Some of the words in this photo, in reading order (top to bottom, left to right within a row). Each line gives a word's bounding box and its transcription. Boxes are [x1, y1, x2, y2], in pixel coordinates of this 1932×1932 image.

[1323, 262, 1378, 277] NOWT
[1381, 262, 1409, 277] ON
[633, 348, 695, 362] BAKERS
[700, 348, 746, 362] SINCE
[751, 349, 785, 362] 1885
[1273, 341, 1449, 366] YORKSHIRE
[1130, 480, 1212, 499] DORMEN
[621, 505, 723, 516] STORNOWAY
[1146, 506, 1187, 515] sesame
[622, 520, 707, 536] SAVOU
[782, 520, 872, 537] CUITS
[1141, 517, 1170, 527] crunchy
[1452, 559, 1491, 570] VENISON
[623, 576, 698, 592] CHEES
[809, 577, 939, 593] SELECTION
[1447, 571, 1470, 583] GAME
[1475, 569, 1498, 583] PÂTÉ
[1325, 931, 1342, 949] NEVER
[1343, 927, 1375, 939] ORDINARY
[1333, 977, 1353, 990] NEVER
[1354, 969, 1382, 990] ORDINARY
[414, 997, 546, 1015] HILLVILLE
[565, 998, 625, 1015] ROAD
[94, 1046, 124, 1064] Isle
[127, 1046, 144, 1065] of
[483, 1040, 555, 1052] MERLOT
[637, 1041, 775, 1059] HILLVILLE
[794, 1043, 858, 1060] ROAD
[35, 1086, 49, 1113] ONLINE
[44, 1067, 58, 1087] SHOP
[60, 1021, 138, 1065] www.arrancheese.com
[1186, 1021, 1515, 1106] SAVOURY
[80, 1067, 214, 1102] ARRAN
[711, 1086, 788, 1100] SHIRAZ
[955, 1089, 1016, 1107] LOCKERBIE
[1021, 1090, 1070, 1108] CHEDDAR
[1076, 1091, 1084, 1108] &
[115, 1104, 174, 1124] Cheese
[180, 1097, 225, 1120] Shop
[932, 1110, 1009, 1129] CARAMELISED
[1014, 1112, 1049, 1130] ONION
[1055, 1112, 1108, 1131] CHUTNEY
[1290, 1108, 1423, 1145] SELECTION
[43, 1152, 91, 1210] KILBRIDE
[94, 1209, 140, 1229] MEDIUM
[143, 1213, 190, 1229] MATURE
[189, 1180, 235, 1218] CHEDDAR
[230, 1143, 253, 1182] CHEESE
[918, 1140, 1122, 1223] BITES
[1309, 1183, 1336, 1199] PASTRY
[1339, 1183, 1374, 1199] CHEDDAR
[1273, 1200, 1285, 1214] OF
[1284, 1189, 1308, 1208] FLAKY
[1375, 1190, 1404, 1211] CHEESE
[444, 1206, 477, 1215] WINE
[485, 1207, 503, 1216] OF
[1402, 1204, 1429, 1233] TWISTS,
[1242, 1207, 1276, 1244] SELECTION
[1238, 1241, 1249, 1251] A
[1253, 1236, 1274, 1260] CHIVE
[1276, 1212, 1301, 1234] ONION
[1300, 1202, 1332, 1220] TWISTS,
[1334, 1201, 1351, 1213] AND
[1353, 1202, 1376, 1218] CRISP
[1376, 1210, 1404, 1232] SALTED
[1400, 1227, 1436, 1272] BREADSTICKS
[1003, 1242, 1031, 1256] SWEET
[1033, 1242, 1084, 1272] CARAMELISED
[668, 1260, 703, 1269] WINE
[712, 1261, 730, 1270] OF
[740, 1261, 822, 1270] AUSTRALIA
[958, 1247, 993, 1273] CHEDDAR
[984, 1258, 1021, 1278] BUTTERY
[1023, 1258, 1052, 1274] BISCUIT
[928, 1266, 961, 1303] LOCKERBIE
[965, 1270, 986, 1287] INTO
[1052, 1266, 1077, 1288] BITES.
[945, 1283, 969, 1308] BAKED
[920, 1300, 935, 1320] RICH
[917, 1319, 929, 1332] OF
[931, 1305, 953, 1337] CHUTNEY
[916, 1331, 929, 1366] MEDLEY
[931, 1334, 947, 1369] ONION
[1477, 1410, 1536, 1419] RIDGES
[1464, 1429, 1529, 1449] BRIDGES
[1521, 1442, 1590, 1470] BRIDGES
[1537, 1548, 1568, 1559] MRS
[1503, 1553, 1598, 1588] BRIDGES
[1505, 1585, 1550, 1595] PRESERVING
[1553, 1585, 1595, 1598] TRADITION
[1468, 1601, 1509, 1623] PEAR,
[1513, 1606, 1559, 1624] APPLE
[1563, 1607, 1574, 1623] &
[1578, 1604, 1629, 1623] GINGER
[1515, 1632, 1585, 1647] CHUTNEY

TASK ITEM.
Write all of the records out again exactly.

WRITTEN RESPONSE.
Some of the words in this photo, in reading order (top to bottom, left to right within a row). Each line gives a word's bounding box and its transcription. Boxes are [x1, y1, x2, y2], in pixel coordinates of this 1932×1932 image.

[1323, 262, 1378, 277] NOWT
[1381, 262, 1409, 277] ON
[633, 348, 695, 362] BAKERS
[700, 348, 746, 362] SINCE
[751, 349, 785, 362] 1885
[1273, 341, 1449, 366] YORKSHIRE
[1130, 480, 1212, 499] DORMEN
[621, 505, 723, 516] STORNOWAY
[1146, 506, 1187, 515] sesame
[622, 520, 707, 536] SAVOU
[782, 520, 872, 537] CUITS
[1141, 517, 1170, 527] crunchy
[1452, 559, 1491, 570] VENISON
[623, 576, 698, 592] CHEES
[809, 577, 939, 593] SELECTION
[1447, 571, 1470, 583] GAME
[1475, 569, 1498, 583] PÂTÉ
[1325, 931, 1342, 949] NEVER
[1343, 927, 1375, 939] ORDINARY
[1333, 977, 1353, 990] NEVER
[1354, 969, 1382, 990] ORDINARY
[414, 997, 546, 1015] HILLVILLE
[565, 998, 625, 1015] ROAD
[94, 1046, 124, 1064] Isle
[127, 1046, 144, 1065] of
[483, 1040, 555, 1052] MERLOT
[637, 1041, 775, 1059] HILLVILLE
[794, 1043, 858, 1060] ROAD
[35, 1086, 49, 1113] ONLINE
[44, 1067, 58, 1087] SHOP
[60, 1021, 138, 1065] www.arrancheese.com
[1186, 1021, 1515, 1106] SAVOURY
[80, 1067, 214, 1102] ARRAN
[711, 1086, 788, 1100] SHIRAZ
[955, 1089, 1016, 1107] LOCKERBIE
[1021, 1090, 1070, 1108] CHEDDAR
[1076, 1091, 1084, 1108] &
[115, 1104, 174, 1124] Cheese
[180, 1097, 225, 1120] Shop
[932, 1110, 1009, 1129] CARAMELISED
[1014, 1112, 1049, 1130] ONION
[1055, 1112, 1108, 1131] CHUTNEY
[1290, 1108, 1423, 1145] SELECTION
[43, 1152, 91, 1210] KILBRIDE
[94, 1209, 140, 1229] MEDIUM
[143, 1213, 190, 1229] MATURE
[189, 1180, 235, 1218] CHEDDAR
[230, 1143, 253, 1182] CHEESE
[918, 1140, 1122, 1223] BITES
[1309, 1183, 1336, 1199] PASTRY
[1339, 1183, 1374, 1199] CHEDDAR
[1273, 1200, 1285, 1214] OF
[1284, 1189, 1308, 1208] FLAKY
[1375, 1190, 1404, 1211] CHEESE
[444, 1206, 477, 1215] WINE
[485, 1207, 503, 1216] OF
[1402, 1204, 1429, 1233] TWISTS,
[1242, 1207, 1276, 1244] SELECTION
[1238, 1241, 1249, 1251] A
[1253, 1236, 1274, 1260] CHIVE
[1276, 1212, 1301, 1234] ONION
[1300, 1202, 1332, 1220] TWISTS,
[1334, 1201, 1351, 1213] AND
[1353, 1202, 1376, 1218] CRISP
[1376, 1210, 1404, 1232] SALTED
[1400, 1227, 1436, 1272] BREADSTICKS
[1003, 1242, 1031, 1256] SWEET
[1033, 1242, 1084, 1272] CARAMELISED
[668, 1260, 703, 1269] WINE
[712, 1261, 730, 1270] OF
[740, 1261, 822, 1270] AUSTRALIA
[958, 1247, 993, 1273] CHEDDAR
[984, 1258, 1021, 1278] BUTTERY
[1023, 1258, 1052, 1274] BISCUIT
[928, 1266, 961, 1303] LOCKERBIE
[965, 1270, 986, 1287] INTO
[1052, 1266, 1077, 1288] BITES.
[945, 1283, 969, 1308] BAKED
[920, 1300, 935, 1320] RICH
[917, 1319, 929, 1332] OF
[931, 1305, 953, 1337] CHUTNEY
[916, 1331, 929, 1366] MEDLEY
[931, 1334, 947, 1369] ONION
[1477, 1410, 1536, 1419] RIDGES
[1464, 1429, 1529, 1449] BRIDGES
[1521, 1442, 1590, 1470] BRIDGES
[1537, 1548, 1568, 1559] MRS
[1503, 1553, 1598, 1588] BRIDGES
[1505, 1585, 1550, 1595] PRESERVING
[1553, 1585, 1595, 1598] TRADITION
[1468, 1601, 1509, 1623] PEAR,
[1513, 1606, 1559, 1624] APPLE
[1563, 1607, 1574, 1623] &
[1578, 1604, 1629, 1623] GINGER
[1515, 1632, 1585, 1647] CHUTNEY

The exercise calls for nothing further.